### Assignment
Output the entries word for word. Omit images.

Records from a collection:
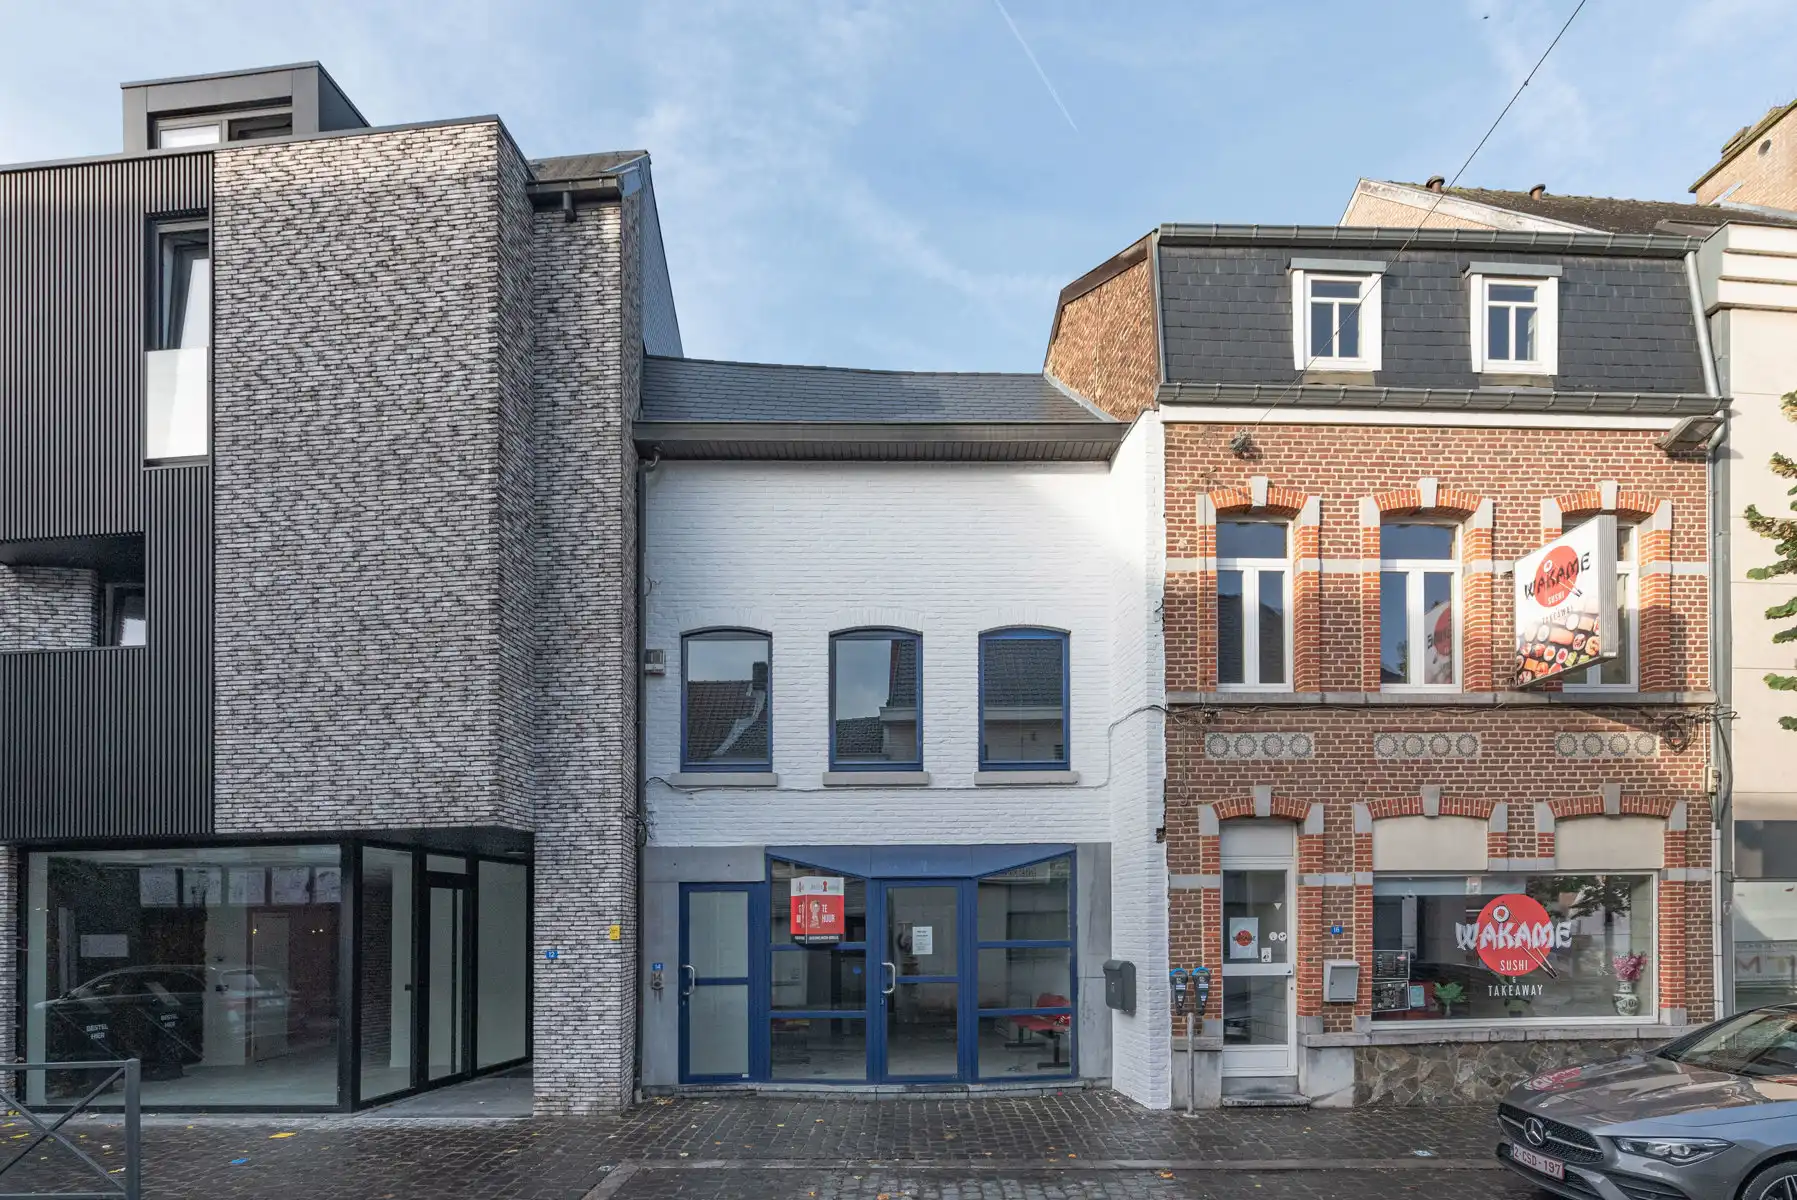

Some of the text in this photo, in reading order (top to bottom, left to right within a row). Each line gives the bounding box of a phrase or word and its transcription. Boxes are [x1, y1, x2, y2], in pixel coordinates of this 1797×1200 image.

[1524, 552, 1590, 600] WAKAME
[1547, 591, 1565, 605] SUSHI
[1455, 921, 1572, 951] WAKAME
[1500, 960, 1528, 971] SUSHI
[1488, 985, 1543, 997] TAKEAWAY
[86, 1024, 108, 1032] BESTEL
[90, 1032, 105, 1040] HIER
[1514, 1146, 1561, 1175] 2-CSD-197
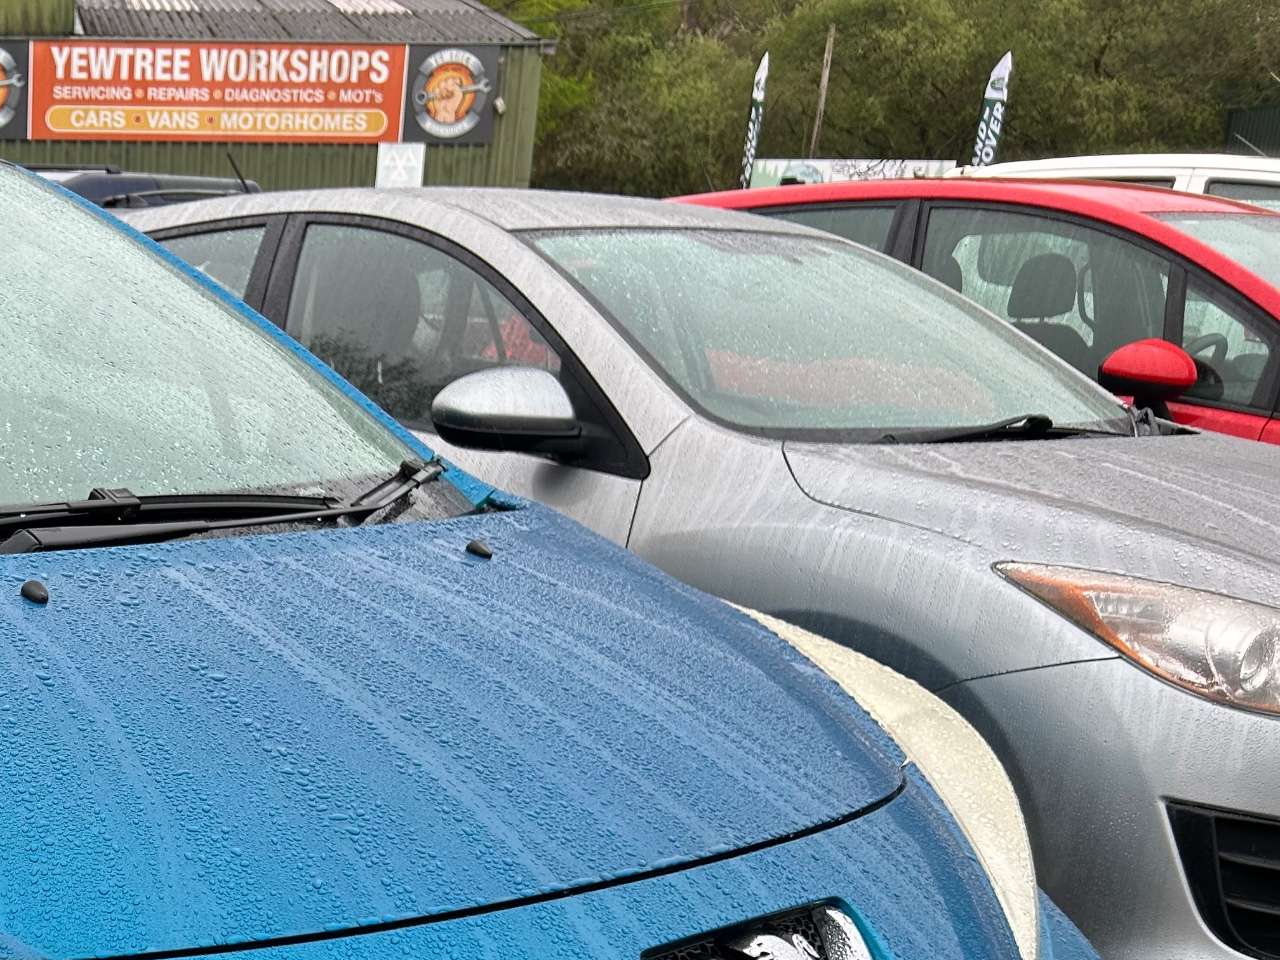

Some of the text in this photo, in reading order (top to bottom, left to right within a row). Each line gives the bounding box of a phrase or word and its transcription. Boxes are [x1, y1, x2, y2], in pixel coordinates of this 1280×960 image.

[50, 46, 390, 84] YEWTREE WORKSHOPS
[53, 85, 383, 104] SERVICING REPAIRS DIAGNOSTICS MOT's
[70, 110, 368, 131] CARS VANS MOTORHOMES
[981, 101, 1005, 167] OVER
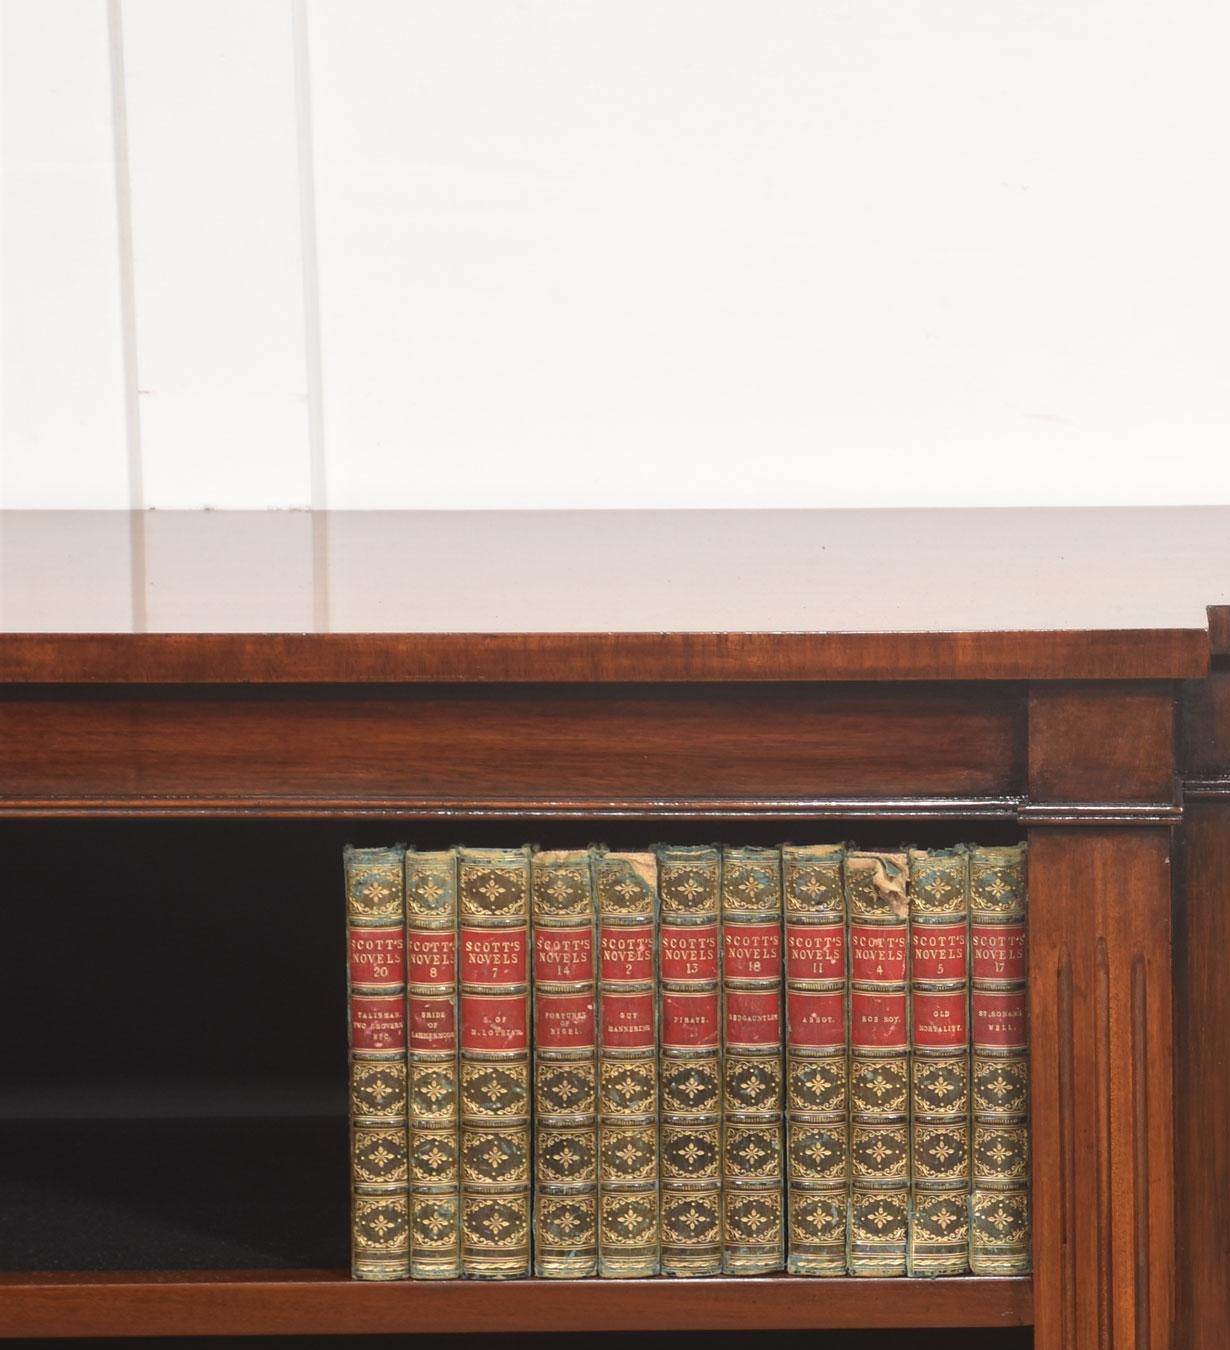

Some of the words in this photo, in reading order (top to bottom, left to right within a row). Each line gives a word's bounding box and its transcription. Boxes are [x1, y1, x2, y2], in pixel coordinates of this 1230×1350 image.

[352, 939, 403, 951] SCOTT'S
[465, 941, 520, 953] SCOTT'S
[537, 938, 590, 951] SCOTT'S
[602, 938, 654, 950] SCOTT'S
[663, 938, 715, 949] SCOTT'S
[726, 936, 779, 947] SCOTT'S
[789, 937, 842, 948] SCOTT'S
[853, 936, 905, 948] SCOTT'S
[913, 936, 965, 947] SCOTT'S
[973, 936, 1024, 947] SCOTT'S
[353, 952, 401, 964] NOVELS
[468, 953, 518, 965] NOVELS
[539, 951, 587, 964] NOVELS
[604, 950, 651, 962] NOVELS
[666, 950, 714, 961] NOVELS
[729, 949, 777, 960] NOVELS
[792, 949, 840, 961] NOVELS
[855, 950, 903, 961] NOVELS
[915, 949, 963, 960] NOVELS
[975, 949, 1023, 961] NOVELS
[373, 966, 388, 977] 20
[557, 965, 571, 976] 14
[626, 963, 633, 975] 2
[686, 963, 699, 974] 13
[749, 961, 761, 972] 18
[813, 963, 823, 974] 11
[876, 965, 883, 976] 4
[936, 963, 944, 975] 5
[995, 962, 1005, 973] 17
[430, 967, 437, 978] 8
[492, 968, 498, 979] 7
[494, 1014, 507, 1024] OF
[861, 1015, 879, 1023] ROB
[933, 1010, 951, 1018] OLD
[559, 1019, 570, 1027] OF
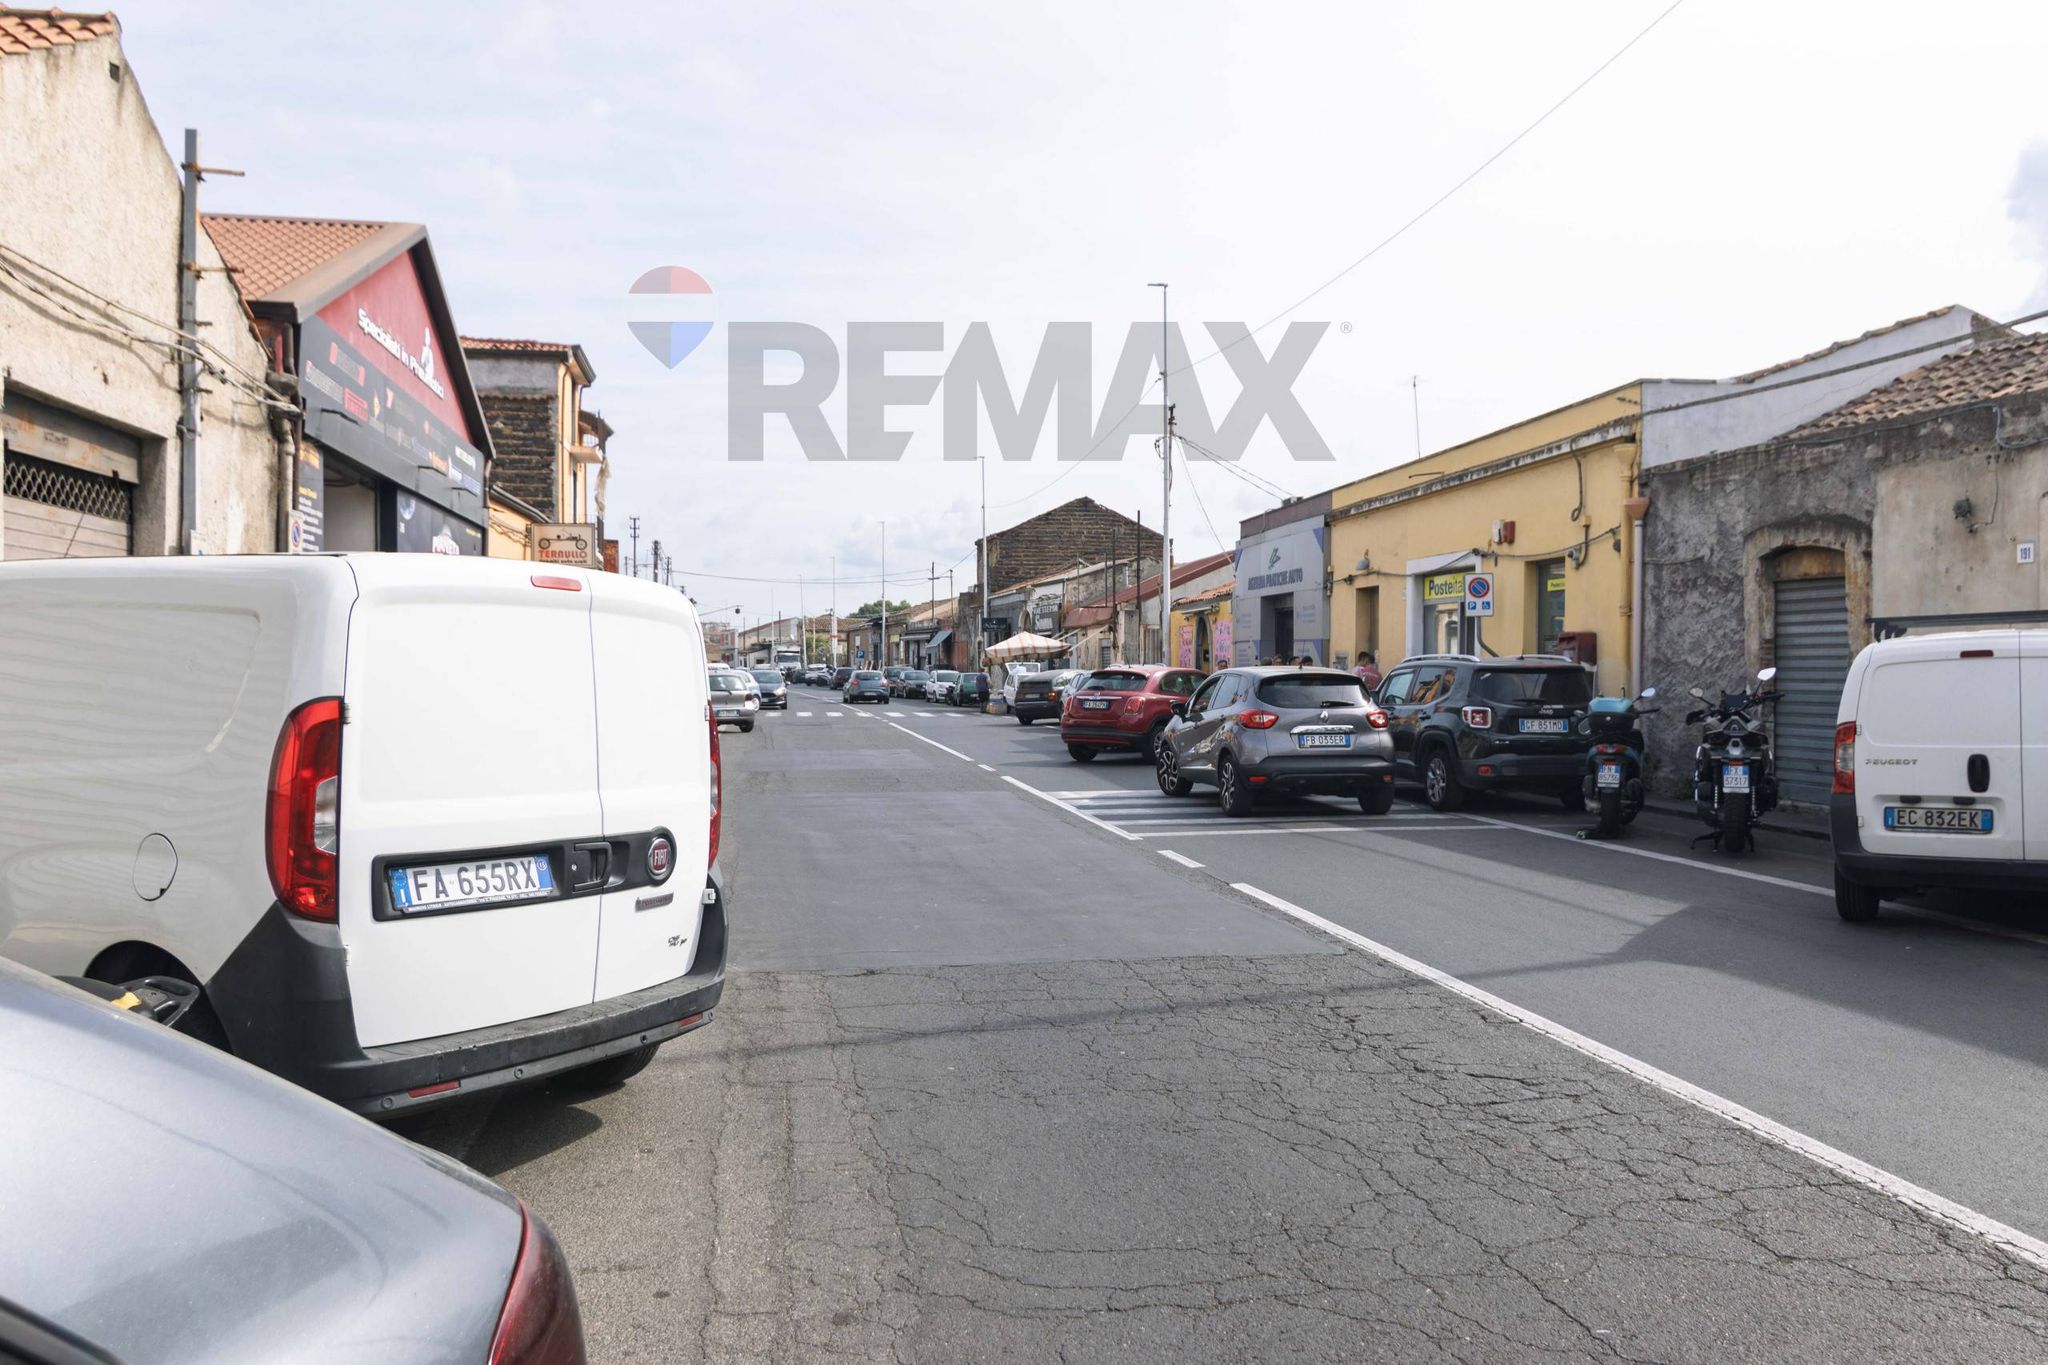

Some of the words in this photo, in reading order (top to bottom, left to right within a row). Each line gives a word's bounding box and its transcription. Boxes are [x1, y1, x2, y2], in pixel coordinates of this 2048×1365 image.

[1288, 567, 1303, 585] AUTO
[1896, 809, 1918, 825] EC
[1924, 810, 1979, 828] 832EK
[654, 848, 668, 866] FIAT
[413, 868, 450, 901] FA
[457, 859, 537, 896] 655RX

### Answer to the exercise
Some of the text in this photo, in reading order (top to bottom, left to right within a row). Each line gives the bounding box of a phrase or word and its transcription. Boxes are [x1, y1, x2, y2], in pixel coordinates of this 1797×1200 image.

[1524, 552, 1590, 600] WAKAME
[1547, 591, 1565, 605] SUSHI
[1455, 921, 1572, 951] WAKAME
[1500, 960, 1528, 971] SUSHI
[1488, 985, 1543, 997] TAKEAWAY
[86, 1024, 108, 1032] BESTEL
[90, 1032, 105, 1040] HIER
[1514, 1146, 1561, 1175] 2-CSD-197

Some of the text in this photo, in reading order (top to bottom, left to right within a row). Each line gives the bounding box of a phrase or word and its transcription. Boxes are [x1, y1, x2, y2], in pixel coordinates of this 1280×960 image.

[50, 46, 390, 84] YEWTREE WORKSHOPS
[53, 85, 383, 104] SERVICING REPAIRS DIAGNOSTICS MOT's
[70, 110, 368, 131] CARS VANS MOTORHOMES
[981, 101, 1005, 167] OVER

Some of the words in this photo, in reading order (top to bottom, left to right within a row). Each line gives a word's bounding box and its transcription. Boxes are [x1, y1, x2, y2], in pixel coordinates of this 1230×1350 image.

[352, 939, 403, 951] SCOTT'S
[465, 941, 520, 953] SCOTT'S
[537, 938, 590, 951] SCOTT'S
[602, 938, 654, 950] SCOTT'S
[663, 938, 715, 949] SCOTT'S
[726, 936, 779, 947] SCOTT'S
[789, 937, 842, 948] SCOTT'S
[853, 936, 905, 948] SCOTT'S
[913, 936, 965, 947] SCOTT'S
[973, 936, 1024, 947] SCOTT'S
[353, 952, 401, 964] NOVELS
[468, 953, 518, 965] NOVELS
[539, 951, 587, 964] NOVELS
[604, 950, 651, 962] NOVELS
[666, 950, 714, 961] NOVELS
[729, 949, 777, 960] NOVELS
[792, 949, 840, 961] NOVELS
[855, 950, 903, 961] NOVELS
[915, 949, 963, 960] NOVELS
[975, 949, 1023, 961] NOVELS
[373, 966, 388, 977] 20
[557, 965, 571, 976] 14
[626, 963, 633, 975] 2
[686, 963, 699, 974] 13
[749, 961, 761, 972] 18
[813, 963, 823, 974] 11
[876, 965, 883, 976] 4
[936, 963, 944, 975] 5
[995, 962, 1005, 973] 17
[430, 967, 437, 978] 8
[492, 968, 498, 979] 7
[494, 1014, 507, 1024] OF
[861, 1015, 879, 1023] ROB
[933, 1010, 951, 1018] OLD
[559, 1019, 570, 1027] OF

Some of the words in this photo, in reading order (top to bottom, left to right within a row). Each line gives a word's bounding box and its transcription. Boxes are [x1, y1, x2, y2], in pixel coordinates of this 2048×1365 image.

[1288, 567, 1303, 585] AUTO
[1896, 809, 1918, 825] EC
[1924, 810, 1979, 828] 832EK
[654, 848, 668, 866] FIAT
[413, 868, 450, 901] FA
[457, 859, 537, 896] 655RX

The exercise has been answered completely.